Friday, February 25, 2011

U.S. Military Pulls Out of Eastern Afghan Valley

WASHINGTON - The U.S. military has begun pulling soldiers out of the Pech valley in eastern Afghanistan, a location once said to be vital to the war effort in the region, the Pentagon said Friday.
The commander of U.S.-led forces in eastern Afghanistan, Major Gen. John Campbell, is "repositioning" forces "within the province to achieve greater effect and allow for more flexibility," said Lt. Col. Elizabeth Robbins, a Pentagon spokesperson.
Campbell, "is moving forces around within his area of responsibility away from isolated static security outposts and more toward protecting the population in Kunar [province]," said Robbins.
"There are dozens of mountain passes and we cannot be in all of them," Robbins said, confirming the news first reported in the New York Times and the Washington Post.
The Post said that a battalion of some 800 U.S. troops have been deployed to the valley since 2006.
"If your forces are static, it takes away your opportunities and flexibility," Campbell told the Post.
The Times reported that U.S. soldiers began withdrawing from the valley starting on Febr.15 in a two-month-long operation.
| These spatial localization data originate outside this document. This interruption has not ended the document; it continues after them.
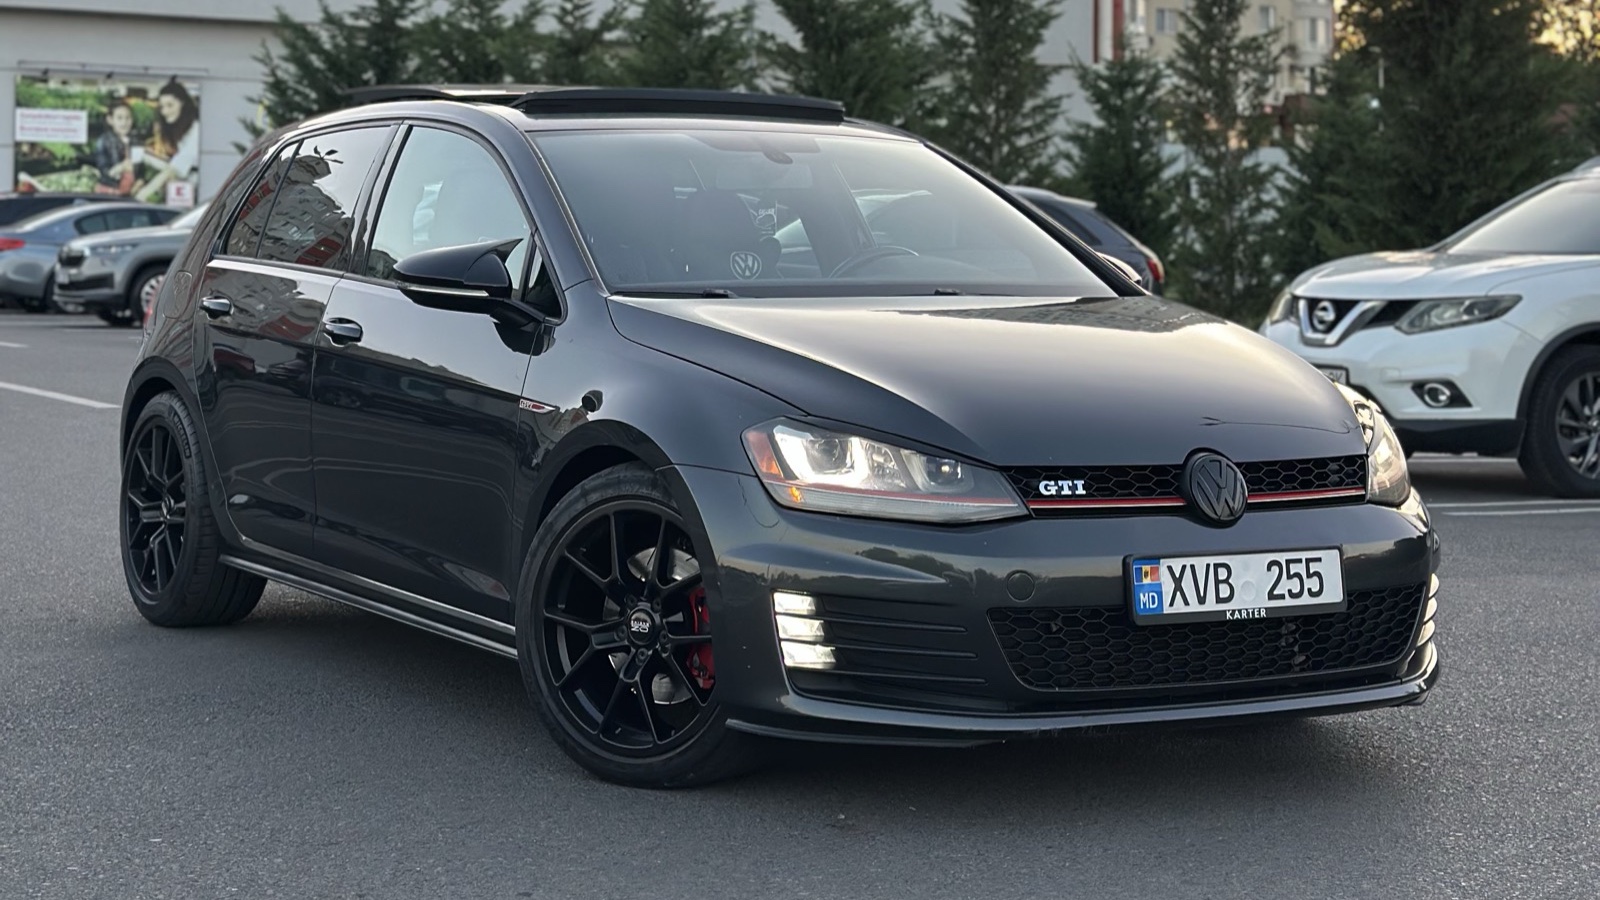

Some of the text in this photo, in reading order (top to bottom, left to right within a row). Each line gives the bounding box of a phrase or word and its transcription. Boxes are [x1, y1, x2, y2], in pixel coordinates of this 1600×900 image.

[173, 414, 191, 457] MICHELIN
[1038, 479, 1086, 496] GTI
[1166, 557, 1324, 607] XVB 255
[1139, 592, 1158, 609] MD
[1226, 608, 1267, 620] KARTER
Afghan army units will remain in the valley.
However the Afghan army many not be up to the task.
"It will be difficult for Afghans to hold these areas on their own. The terrain there is very tough," Afghan Defense Minister Rahim Wardak told the Post.
"I personally fought against the Soviets in that area," he said.
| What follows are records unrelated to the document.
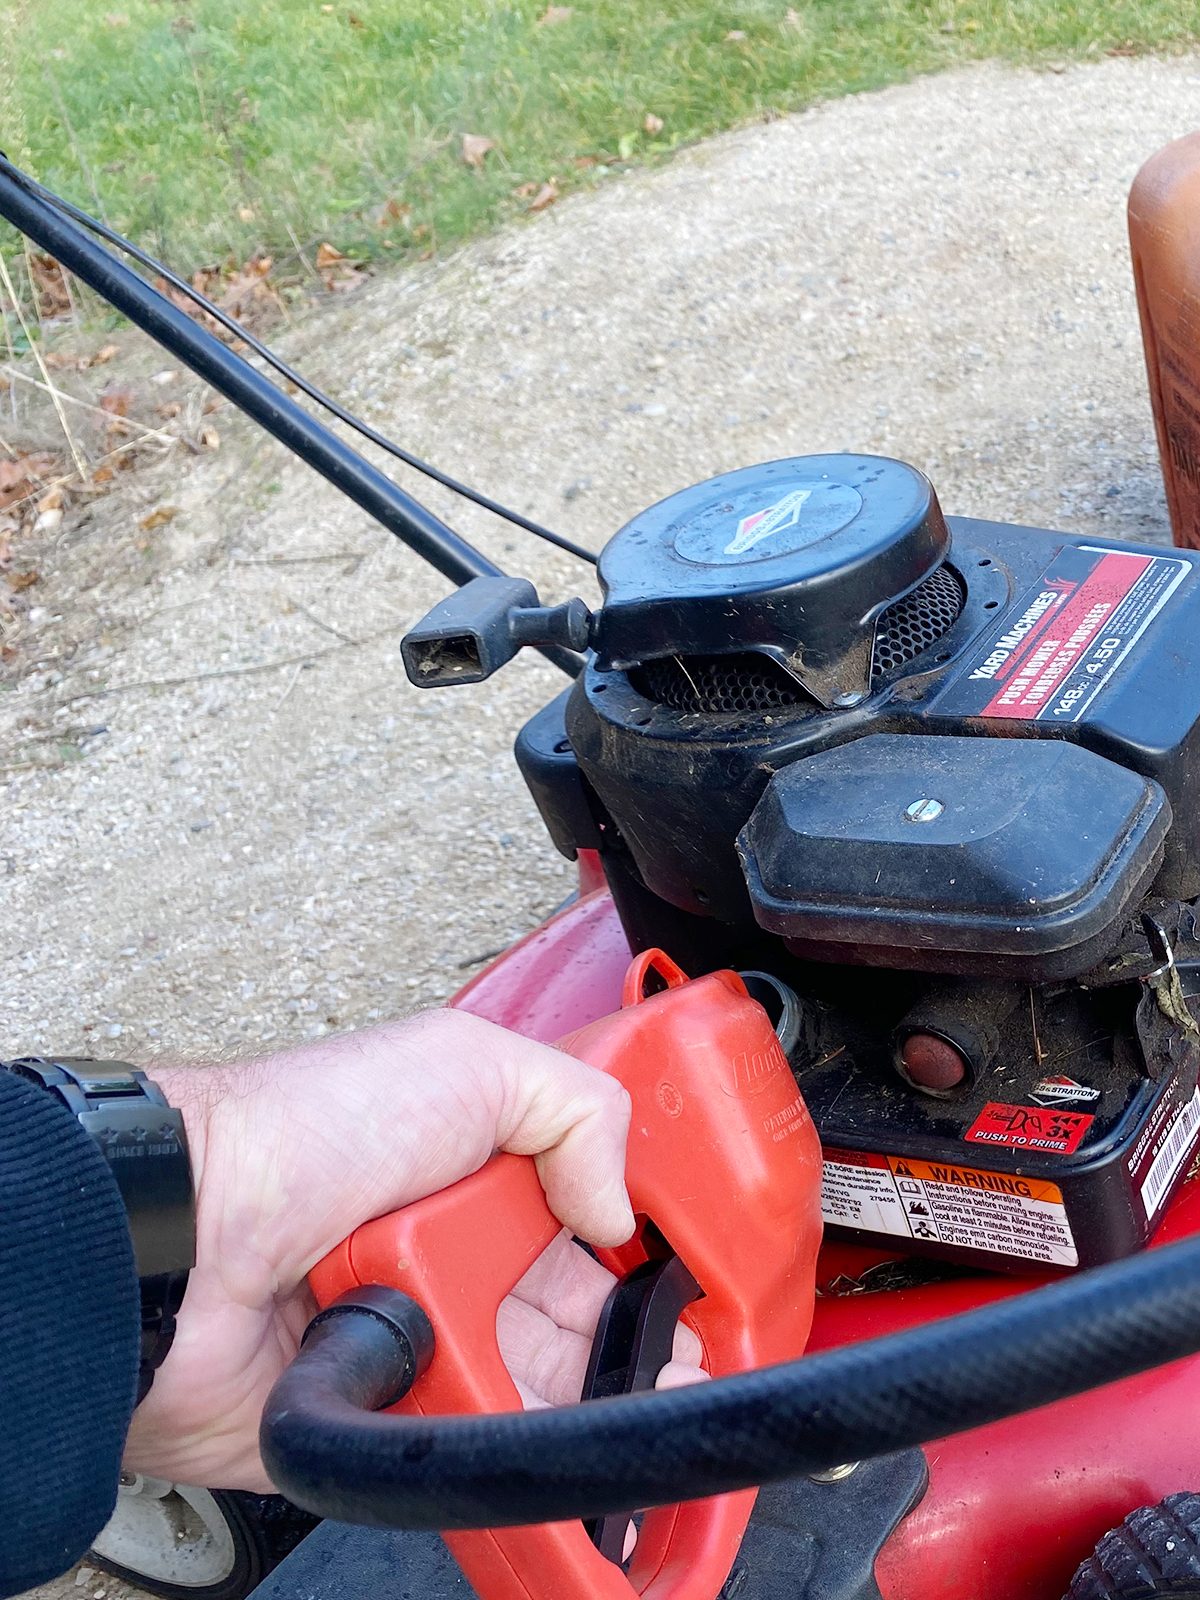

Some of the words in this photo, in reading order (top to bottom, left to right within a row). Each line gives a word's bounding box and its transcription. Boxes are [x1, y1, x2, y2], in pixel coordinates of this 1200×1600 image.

[968, 648, 1010, 680] YARD
[995, 591, 1058, 649] MACHINES
[1020, 650, 1076, 705] TONDEUSES
[1064, 602, 1111, 648] POUSSÉES
[1086, 638, 1121, 673] 4.50
[997, 678, 1032, 705] PUSH
[1019, 640, 1061, 677] MOWER
[975, 1131, 1008, 1142] PUSH
[1012, 1135, 1027, 1144] TO
[1029, 1138, 1068, 1150] PRIME
[837, 1174, 881, 1185] maintenance
[855, 1169, 887, 1178] emission
[928, 1165, 1032, 1197] WARNING
[847, 1183, 879, 1193] durability
[925, 1182, 944, 1191] Read
[946, 1186, 960, 1194] and
[960, 1187, 983, 1197] follow
[984, 1191, 1022, 1207] Operating
[932, 1202, 963, 1213] Gasoline
[964, 1207, 971, 1215] is
[972, 1209, 1010, 1222] flammable.
[1011, 1216, 1030, 1227] Allow
[1031, 1222, 1056, 1233] engine
[1056, 1226, 1065, 1234] to
[973, 1198, 996, 1209] before
[998, 1204, 1028, 1217] running
[1028, 1210, 1056, 1222] engine.
[934, 1212, 950, 1221] cool
[960, 1215, 977, 1225] least
[984, 1220, 1012, 1232] minutes
[1012, 1226, 1036, 1237] before
[939, 1223, 969, 1235] Engines
[970, 1229, 986, 1238] emit
[987, 1232, 1013, 1243] carbon
[942, 1234, 953, 1242] DO
[955, 1236, 972, 1245] NOT
[974, 1240, 987, 1248] run
[989, 1241, 996, 1249] in
[998, 1245, 1033, 1257] enclosed
[1034, 1251, 1053, 1261] area.
During the 1979-1989 Soviet occupation of Afghanistan, the Pech valley, located near the border with Pakistan, was the scene of some of the fiercest fighting between the Afghan resistance and Soviet soldiers.
The Soviets pulled out of the valley in 1988, and many Afghans saw it as a key turning moment in the war, the Times said. Within six months the mujahedeen resistance groups had taken the valley from the Soviet-supported Afghan army.
Nearly 1,500 U.S. troops have died in Afghanistan in the longest U.S. war, launched in 2001 to root out Al-Qaeda extremists responsible for the Sept. 11 attacks on the United States.
President Barack Obama ordered a 30,000-strong surge under a last-ditch war strategy in late 2009, ahead of handing security to Afghan forces in 2014.